# Items from a data source
-------------------------
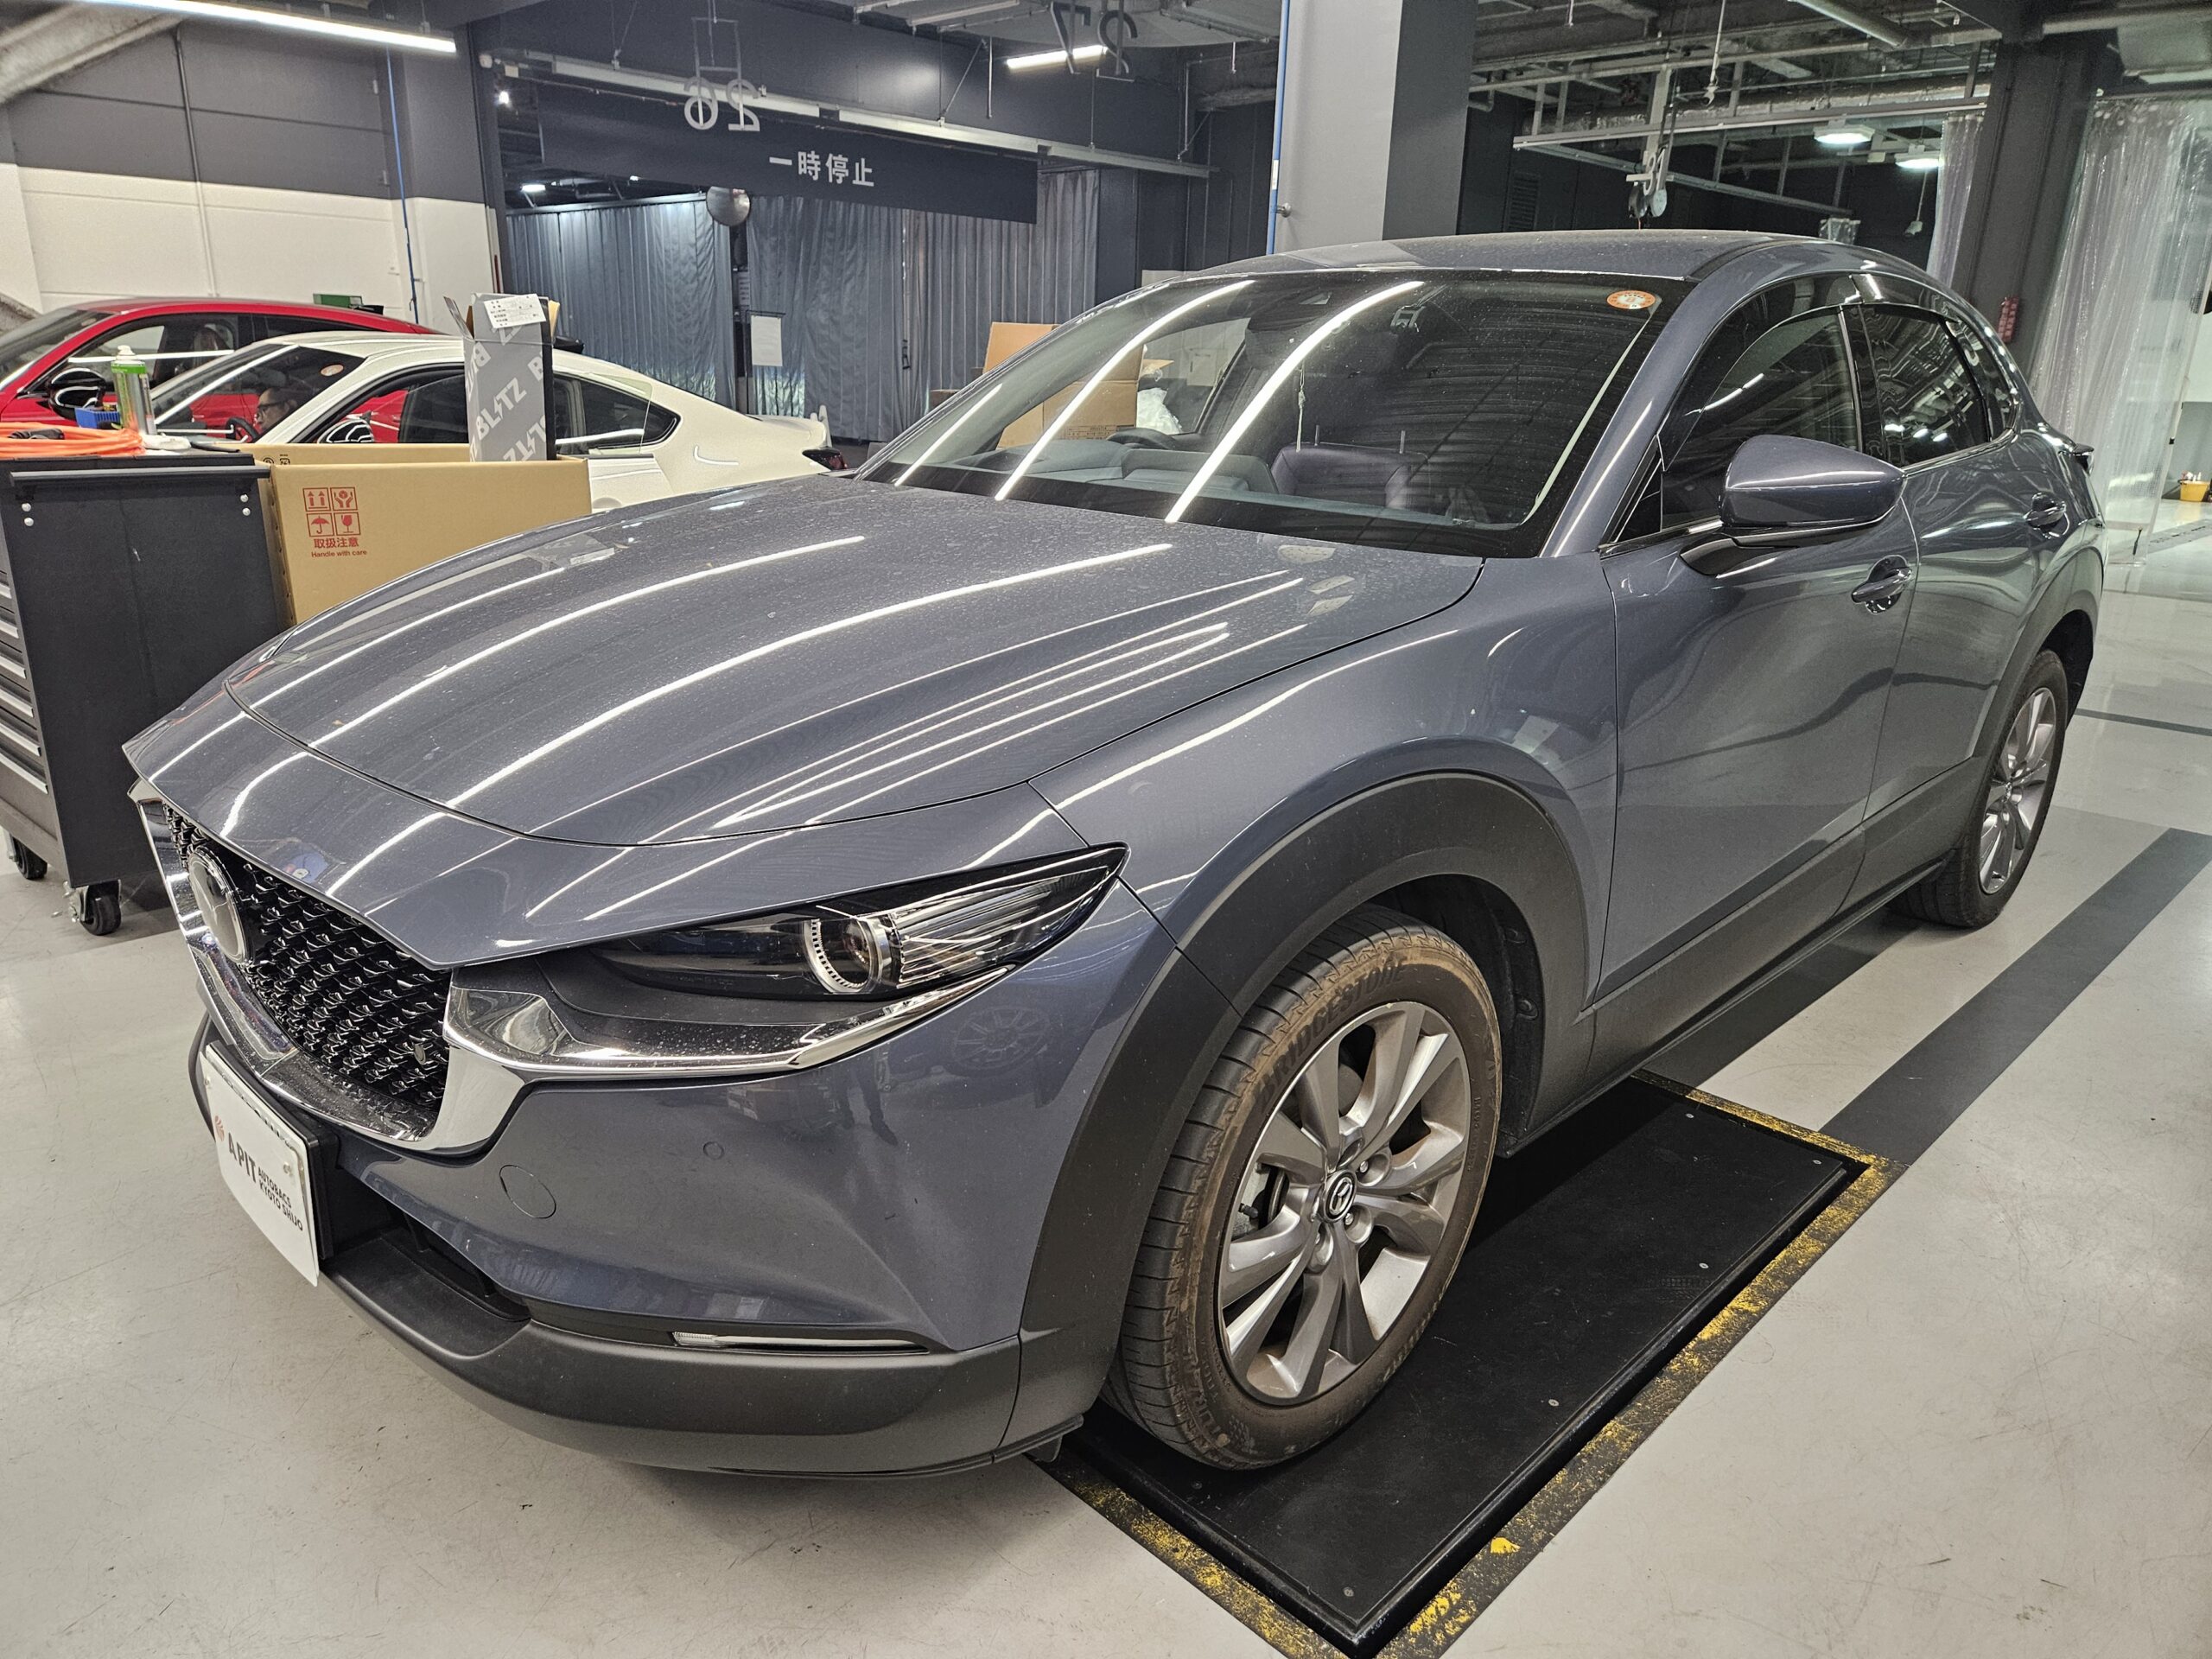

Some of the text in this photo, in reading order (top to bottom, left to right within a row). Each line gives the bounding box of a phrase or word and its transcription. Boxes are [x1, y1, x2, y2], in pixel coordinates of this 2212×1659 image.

[769, 150, 874, 187] 一時停止
[476, 378, 527, 441] BLITZ
[314, 537, 359, 549] 取扱注意
[1254, 952, 1409, 1113] BRIDGESTONE
[257, 1166, 292, 1209] AUTOBACS
[259, 1179, 303, 1231] KYOTO SHIJO
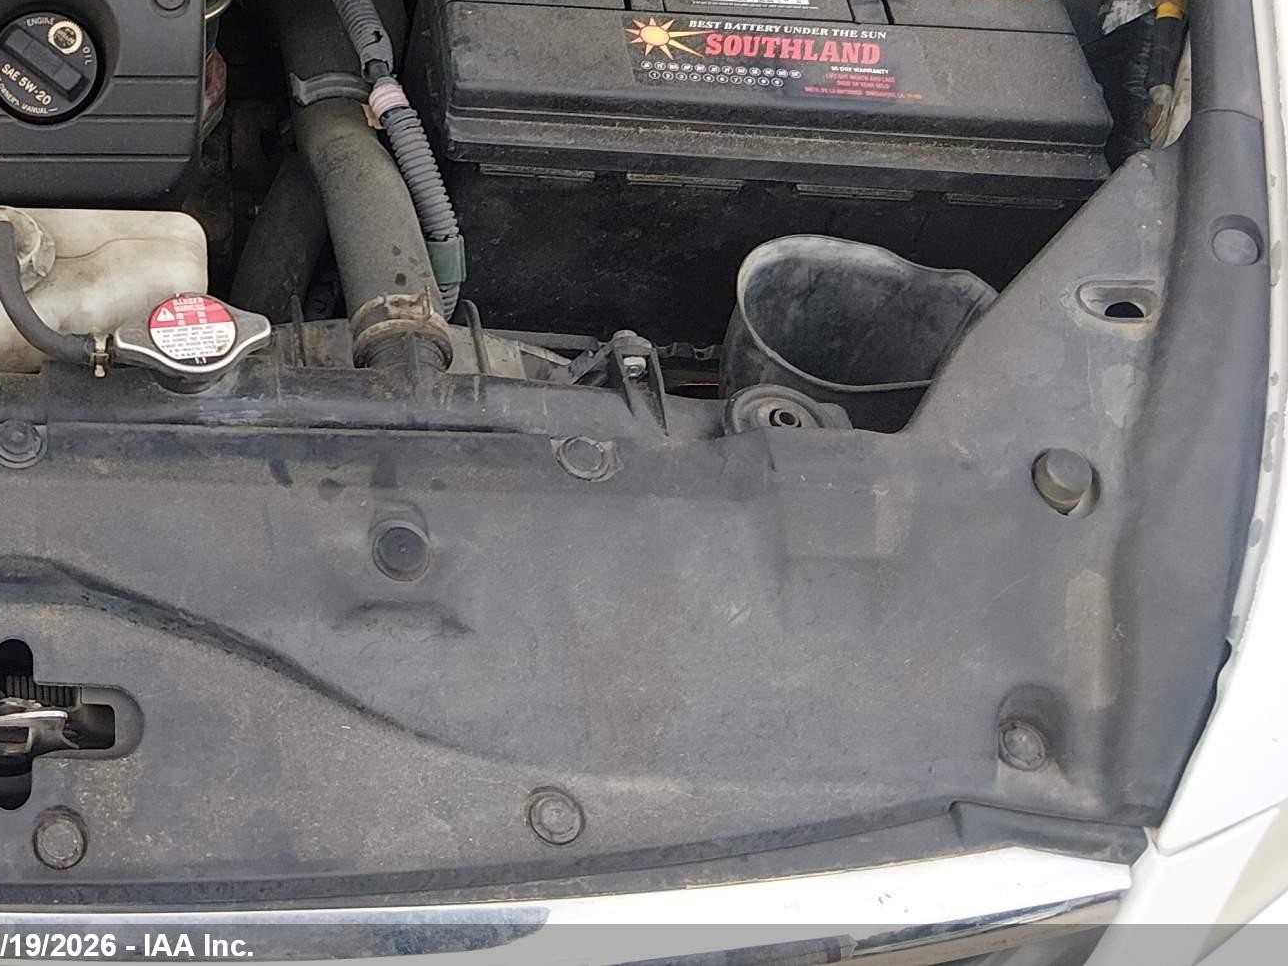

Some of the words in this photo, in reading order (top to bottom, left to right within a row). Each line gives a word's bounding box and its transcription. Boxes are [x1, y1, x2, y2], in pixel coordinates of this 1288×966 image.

[689, 20, 721, 30] BEST
[724, 22, 781, 34] BATTERY
[783, 26, 828, 37] UNDER
[831, 29, 858, 39] THE
[860, 31, 887, 40] SUN
[26, 17, 56, 27] ENGINE
[82, 46, 93, 65] OIL
[705, 32, 881, 66] SOUTHLAND
[1, 63, 20, 82] SAE
[21, 104, 49, 115] MANUAL
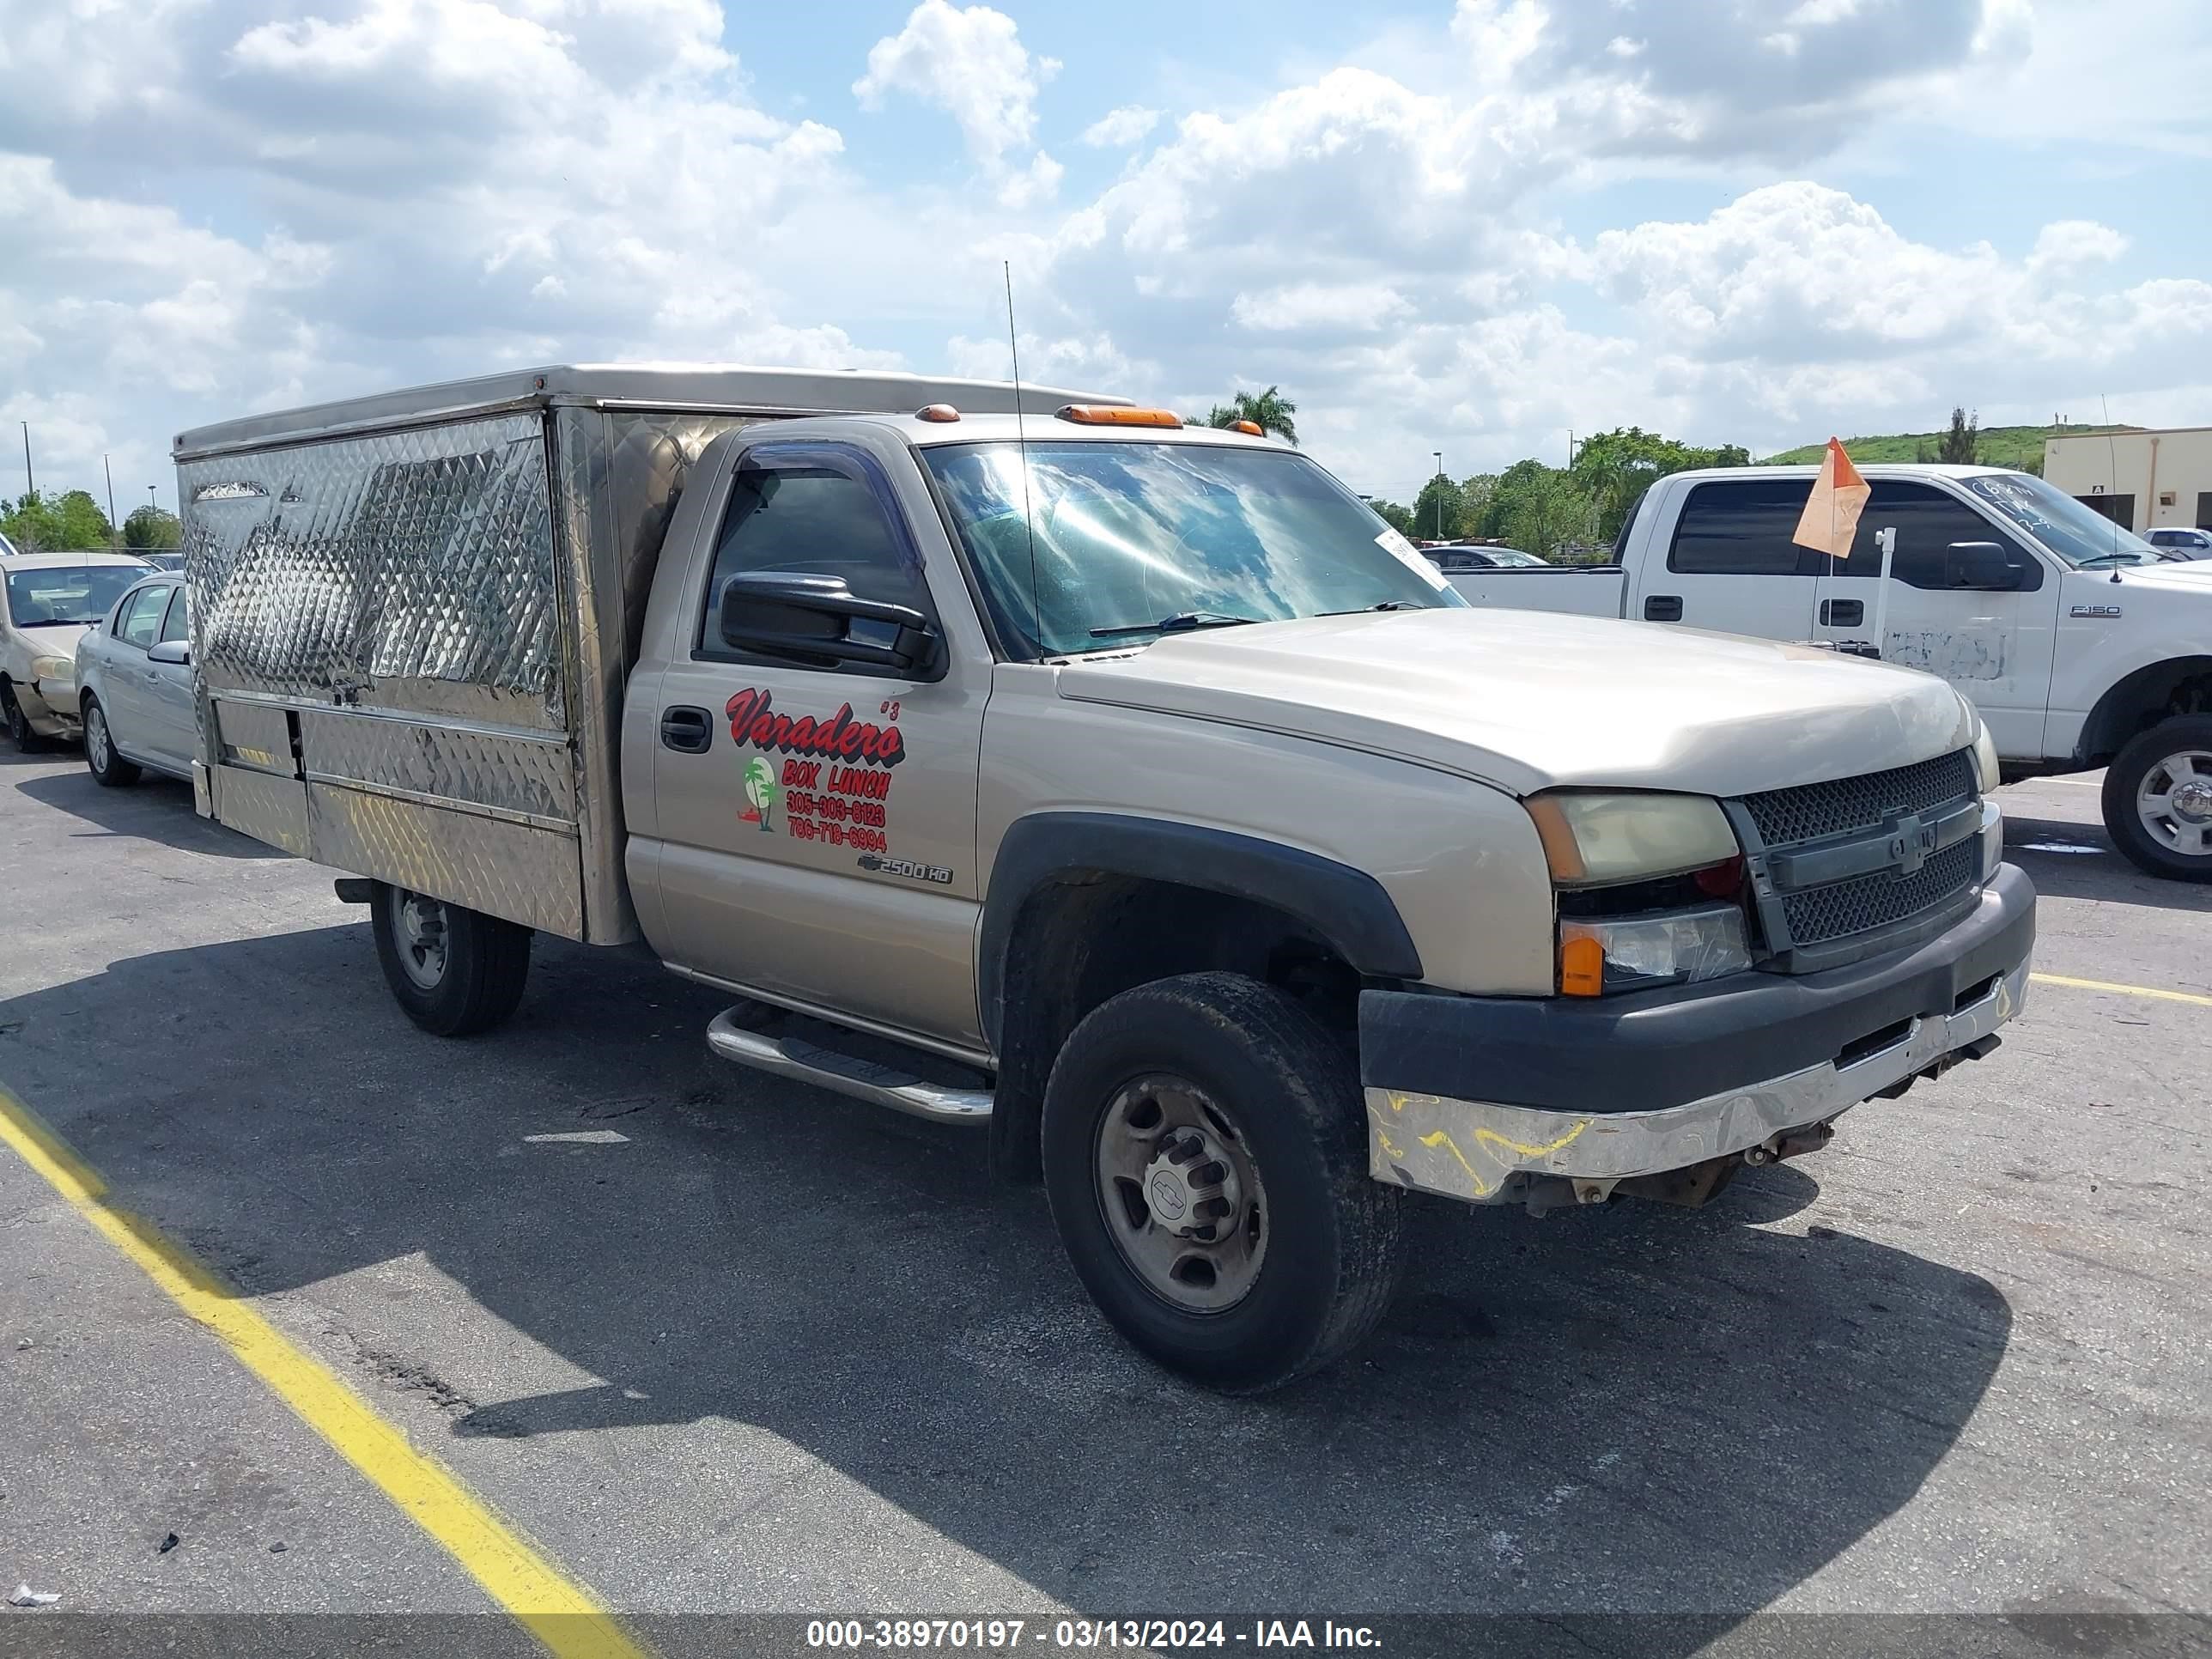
-------------------------
The data is to be printed again exactly, but without its pictures.

# Solved problem
Some of the text in this photo, in reading order (top to bottom, left to right within a row). Each line gives the bounding box of a phrase or word and its transcription. Boxes are [x1, y1, x2, y2], in pixel coordinates of this 2212×1659 image.

[769, 150, 874, 187] 一時停止
[476, 378, 527, 441] BLITZ
[314, 537, 359, 549] 取扱注意
[1254, 952, 1409, 1113] BRIDGESTONE
[257, 1166, 292, 1209] AUTOBACS
[259, 1179, 303, 1231] KYOTO SHIJO

Some of the words in this photo, in reading order (top to bottom, left to right within a row). Each line gives a word's bounding box and its transcription. Boxes are [x1, y1, x2, y2], in pixel coordinates of this 1288×966 image.

[689, 20, 721, 30] BEST
[724, 22, 781, 34] BATTERY
[783, 26, 828, 37] UNDER
[831, 29, 858, 39] THE
[860, 31, 887, 40] SUN
[26, 17, 56, 27] ENGINE
[82, 46, 93, 65] OIL
[705, 32, 881, 66] SOUTHLAND
[1, 63, 20, 82] SAE
[21, 104, 49, 115] MANUAL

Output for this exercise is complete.